[Items from a data source]

•••

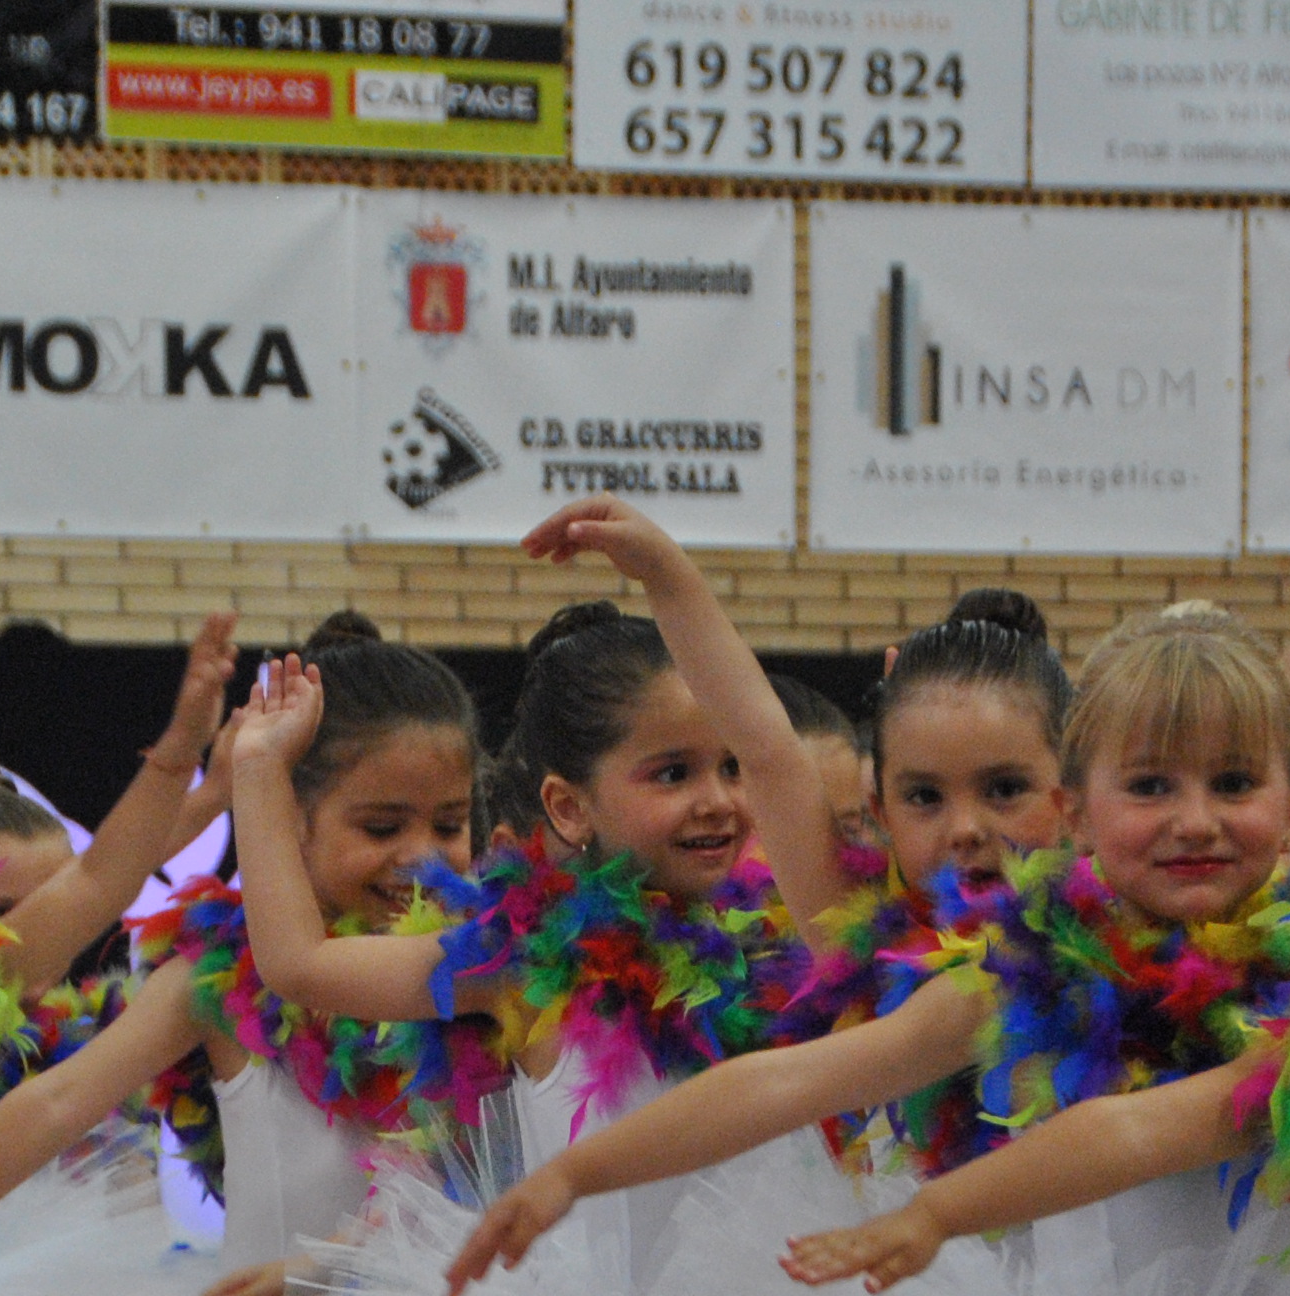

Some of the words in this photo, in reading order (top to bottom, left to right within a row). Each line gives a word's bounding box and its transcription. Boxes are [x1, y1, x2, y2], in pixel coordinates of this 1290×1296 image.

[259, 13, 322, 49] 941
[341, 17, 382, 53] 18
[392, 20, 437, 55] 08
[448, 23, 493, 56] 77
[1211, 1, 1247, 34] DE
[625, 39, 728, 91] 619
[746, 43, 846, 95] 507
[864, 48, 965, 99] 824
[26, 92, 87, 132] 167
[625, 106, 727, 156] 657
[746, 110, 846, 162] 315
[864, 116, 965, 165] 422
[573, 254, 754, 297] Ayuntamiento
[510, 303, 540, 337] de
[550, 303, 637, 339] Alfaro
[953, 364, 1093, 409] INSA
[1116, 366, 1198, 412] DM
[576, 418, 763, 453] GRACCURRIS
[541, 460, 658, 493] FUTBOL
[666, 463, 741, 494] SALA
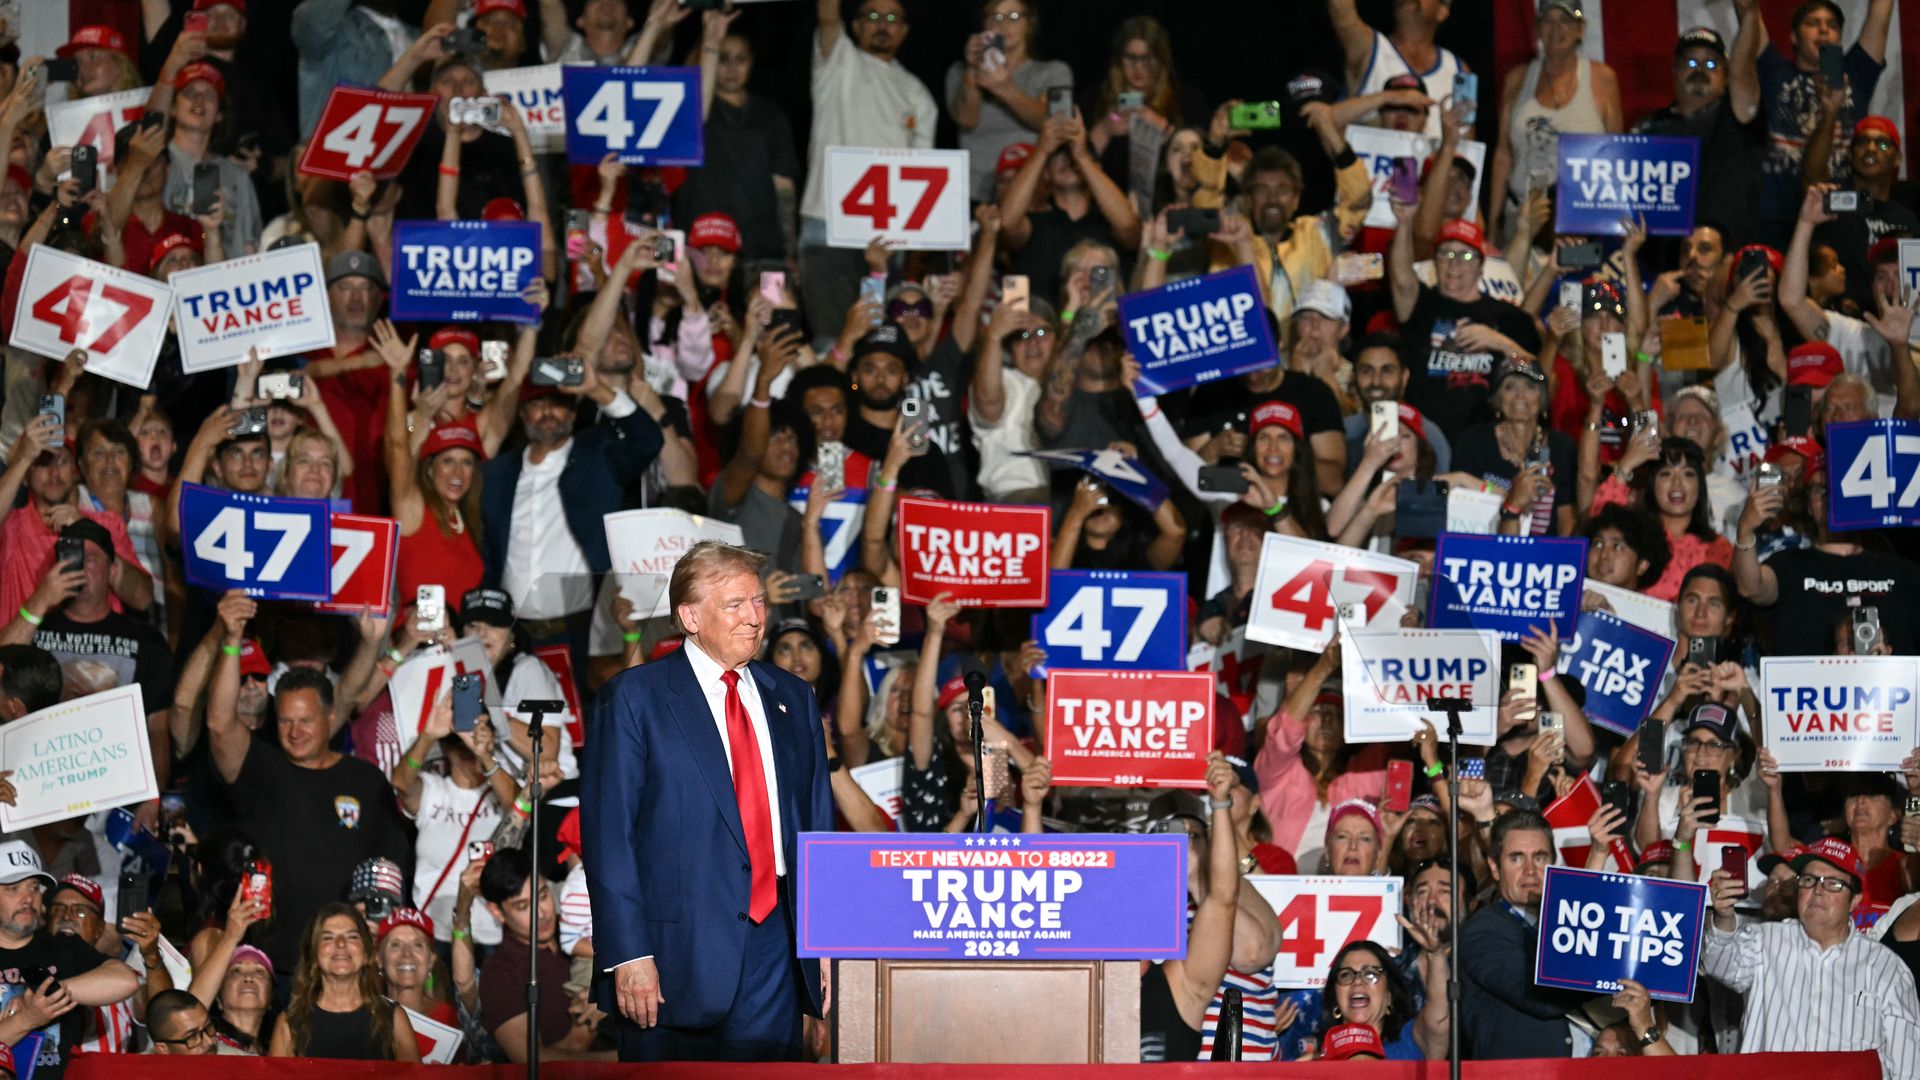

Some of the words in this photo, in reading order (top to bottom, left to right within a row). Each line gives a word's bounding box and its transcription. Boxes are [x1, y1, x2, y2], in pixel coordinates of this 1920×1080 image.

[575, 80, 685, 149] 47
[322, 103, 415, 169] 47
[1566, 157, 1691, 185] TRUMP
[841, 164, 949, 231] 47
[1580, 181, 1676, 203] VANCE
[401, 245, 534, 272] TRUMP
[183, 272, 313, 317] TRUMP
[416, 269, 519, 291] VANCE
[32, 274, 154, 356] 47
[202, 297, 304, 334] VANCE
[1129, 292, 1254, 343] TRUMP
[1146, 318, 1248, 359] VANCE
[194, 506, 311, 582] 47
[905, 524, 1041, 558] TRUMP
[918, 551, 1024, 577] VANCE
[1444, 557, 1577, 590] TRUMP
[1271, 559, 1399, 631] 47
[1457, 583, 1561, 610] VANCE
[1045, 586, 1168, 662] 47
[1472, 605, 1510, 616] AMERICA
[1511, 609, 1537, 619] GREAT
[1357, 658, 1487, 683] TRUMP
[1591, 638, 1651, 682] TAX
[1373, 683, 1474, 705] VANCE
[1579, 659, 1645, 706] TIPS
[1057, 698, 1205, 728] TRUMP
[1771, 686, 1911, 711] TRUMP
[1786, 712, 1894, 733] VANCE
[33, 727, 104, 757] LATINO
[1073, 726, 1187, 750] VANCE
[15, 742, 128, 784] AMERICANS
[1064, 749, 1090, 757] MAKE
[1091, 749, 1131, 758] AMERICA
[1133, 750, 1162, 759] GREAT
[1164, 751, 1195, 759] AGAIN!
[58, 767, 108, 787] TRUMP
[1113, 775, 1143, 785] 2024
[7, 852, 40, 868] USA
[879, 851, 927, 867] TEXT
[932, 851, 1013, 867] NEVADA
[1018, 851, 1043, 867] TO
[1048, 851, 1108, 867] 88022
[903, 869, 1083, 902] TRUMP
[922, 902, 1062, 929] VANCE
[1557, 899, 1605, 929] NO
[1615, 905, 1685, 939] TAX
[913, 930, 943, 939] MAKE
[946, 930, 993, 939] AMERICA
[996, 930, 1031, 939] GREAT
[1034, 930, 1071, 939] AGAIN!
[1277, 894, 1383, 969] 47
[1552, 926, 1599, 957] ON
[1608, 932, 1684, 967] TIPS
[964, 940, 1020, 957] 2024
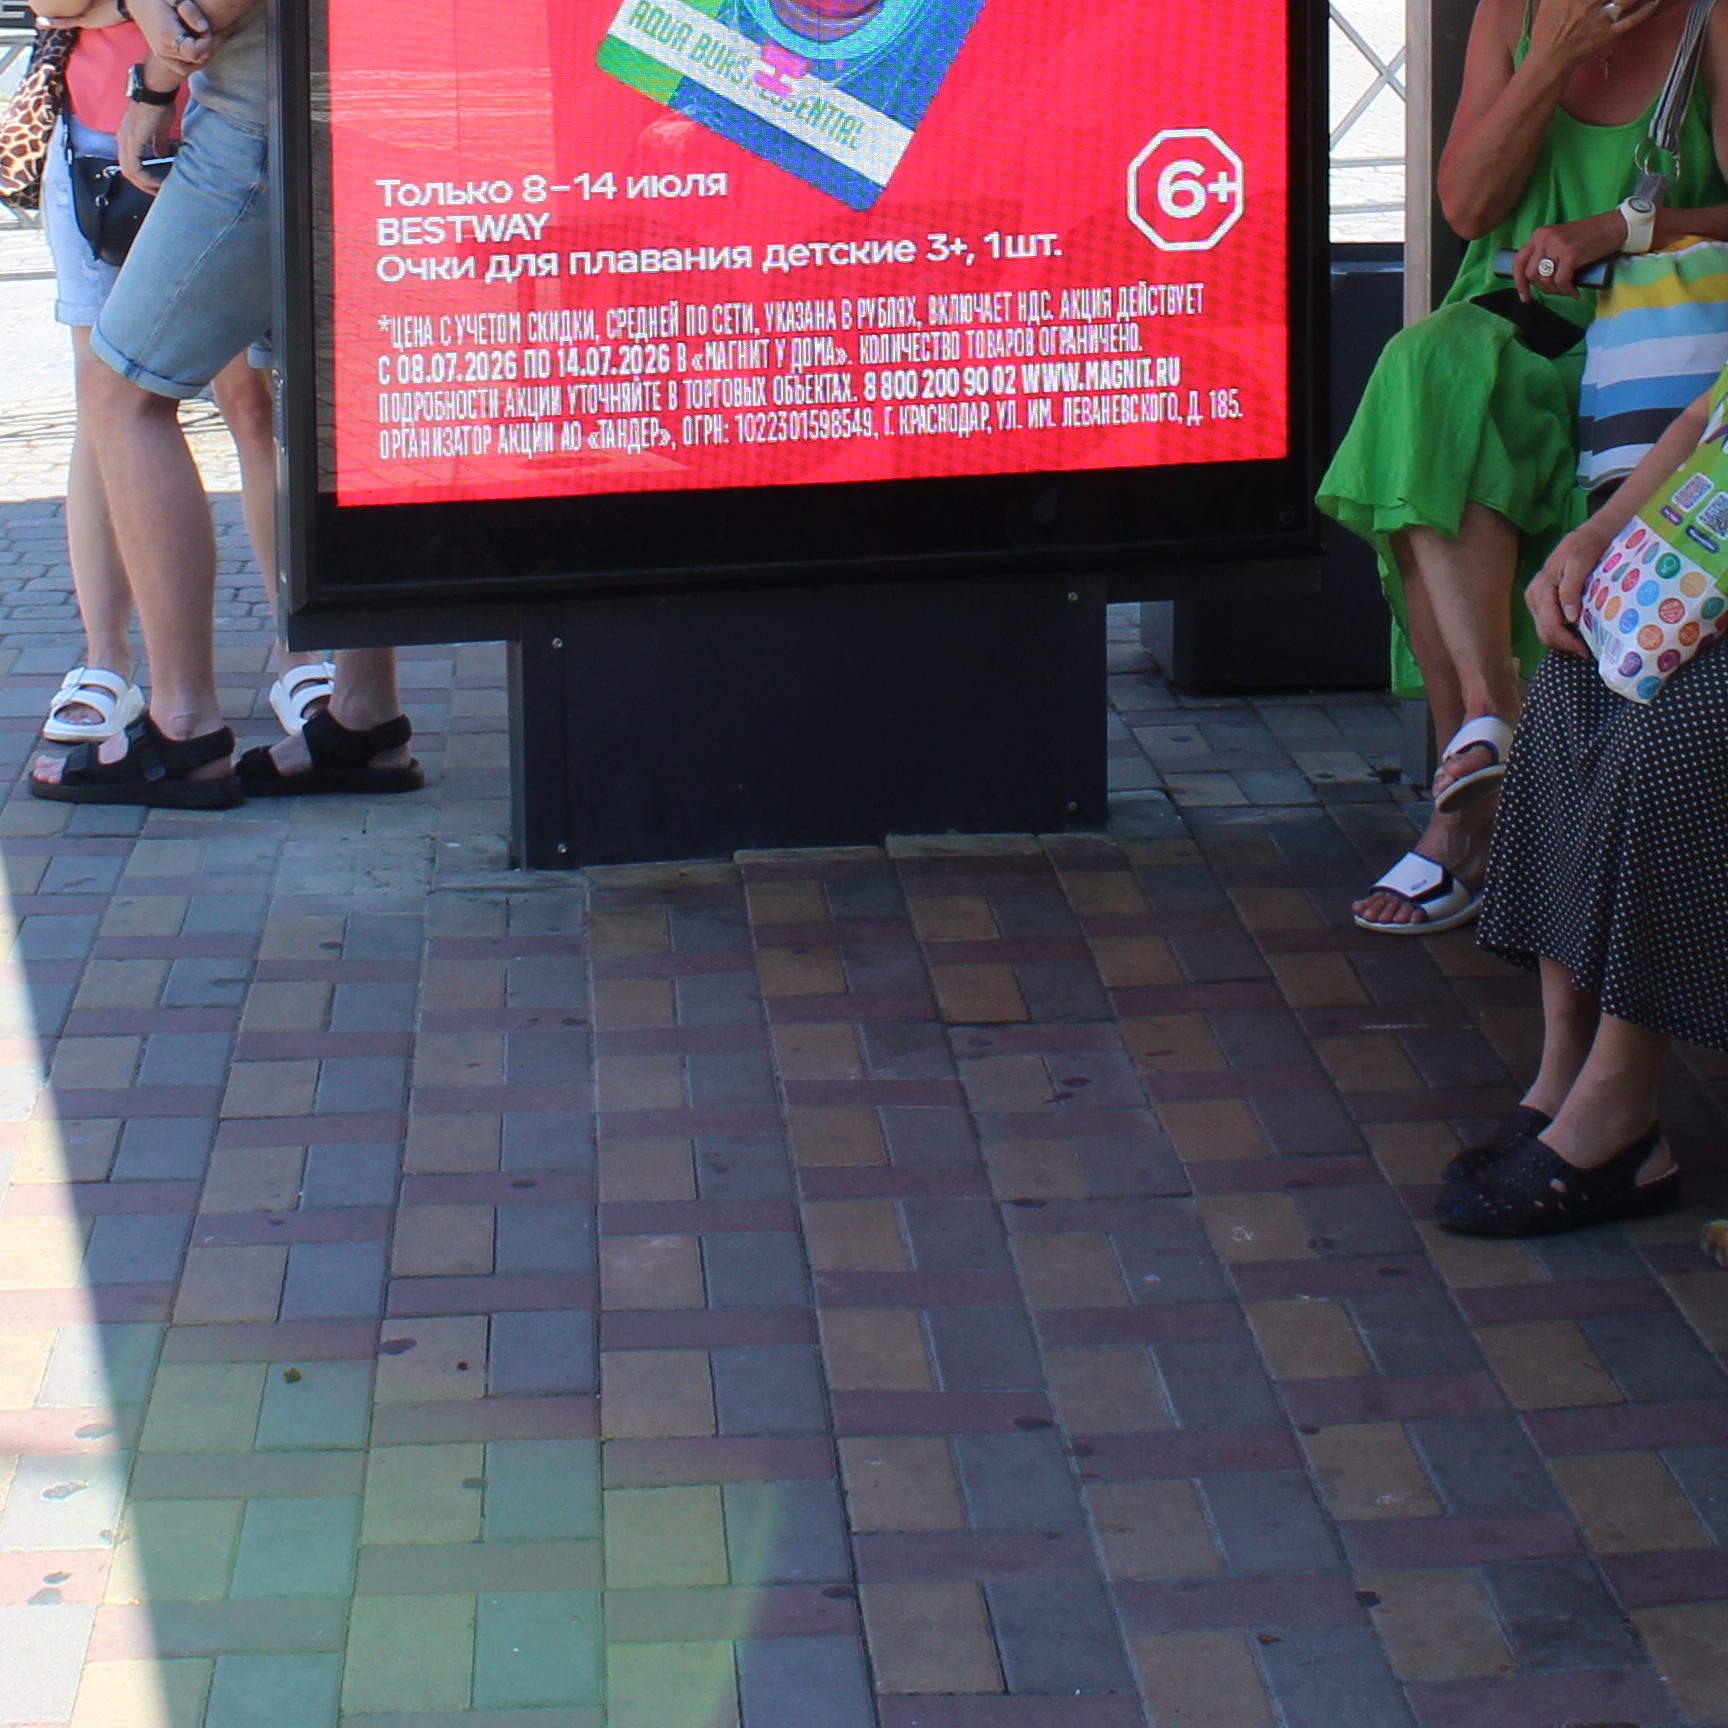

•••

_Goal of the exercise_. When you transcribe the lines above, keep every word exact but leave the pictures behind.

_Exercise solution_.
Some of the words in this photo, in reading order (top to bottom, left to right within a row). Each line gives a word's bounding box and its transcription. Boxes are [x1, y1, x2, y2], in pixel coordinates of this 1290×1296 image.

[259, 13, 322, 49] 941
[341, 17, 382, 53] 18
[392, 20, 437, 55] 08
[448, 23, 493, 56] 77
[1211, 1, 1247, 34] DE
[625, 39, 728, 91] 619
[746, 43, 846, 95] 507
[864, 48, 965, 99] 824
[26, 92, 87, 132] 167
[625, 106, 727, 156] 657
[746, 110, 846, 162] 315
[864, 116, 965, 165] 422
[573, 254, 754, 297] Ayuntamiento
[510, 303, 540, 337] de
[550, 303, 637, 339] Alfaro
[953, 364, 1093, 409] INSA
[1116, 366, 1198, 412] DM
[576, 418, 763, 453] GRACCURRIS
[541, 460, 658, 493] FUTBOL
[666, 463, 741, 494] SALA

Some of the words in this photo, in reading order (top to bottom, left to right within a row). Each line gives a word's bounding box and its transcription. Boxes are [x1, y1, x2, y2], in pixel coordinates of this 1920×1080 image.

[575, 80, 685, 149] 47
[322, 103, 415, 169] 47
[1566, 157, 1691, 185] TRUMP
[841, 164, 949, 231] 47
[1580, 181, 1676, 203] VANCE
[401, 245, 534, 272] TRUMP
[183, 272, 313, 317] TRUMP
[416, 269, 519, 291] VANCE
[32, 274, 154, 356] 47
[202, 297, 304, 334] VANCE
[1129, 292, 1254, 343] TRUMP
[1146, 318, 1248, 359] VANCE
[194, 506, 311, 582] 47
[905, 524, 1041, 558] TRUMP
[918, 551, 1024, 577] VANCE
[1444, 557, 1577, 590] TRUMP
[1271, 559, 1399, 631] 47
[1457, 583, 1561, 610] VANCE
[1045, 586, 1168, 662] 47
[1472, 605, 1510, 616] AMERICA
[1511, 609, 1537, 619] GREAT
[1357, 658, 1487, 683] TRUMP
[1591, 638, 1651, 682] TAX
[1373, 683, 1474, 705] VANCE
[1579, 659, 1645, 706] TIPS
[1057, 698, 1205, 728] TRUMP
[1771, 686, 1911, 711] TRUMP
[1786, 712, 1894, 733] VANCE
[33, 727, 104, 757] LATINO
[1073, 726, 1187, 750] VANCE
[15, 742, 128, 784] AMERICANS
[1064, 749, 1090, 757] MAKE
[1091, 749, 1131, 758] AMERICA
[1133, 750, 1162, 759] GREAT
[1164, 751, 1195, 759] AGAIN!
[58, 767, 108, 787] TRUMP
[1113, 775, 1143, 785] 2024
[7, 852, 40, 868] USA
[879, 851, 927, 867] TEXT
[932, 851, 1013, 867] NEVADA
[1018, 851, 1043, 867] TO
[1048, 851, 1108, 867] 88022
[903, 869, 1083, 902] TRUMP
[922, 902, 1062, 929] VANCE
[1557, 899, 1605, 929] NO
[1615, 905, 1685, 939] TAX
[913, 930, 943, 939] MAKE
[946, 930, 993, 939] AMERICA
[996, 930, 1031, 939] GREAT
[1034, 930, 1071, 939] AGAIN!
[1277, 894, 1383, 969] 47
[1552, 926, 1599, 957] ON
[1608, 932, 1684, 967] TIPS
[964, 940, 1020, 957] 2024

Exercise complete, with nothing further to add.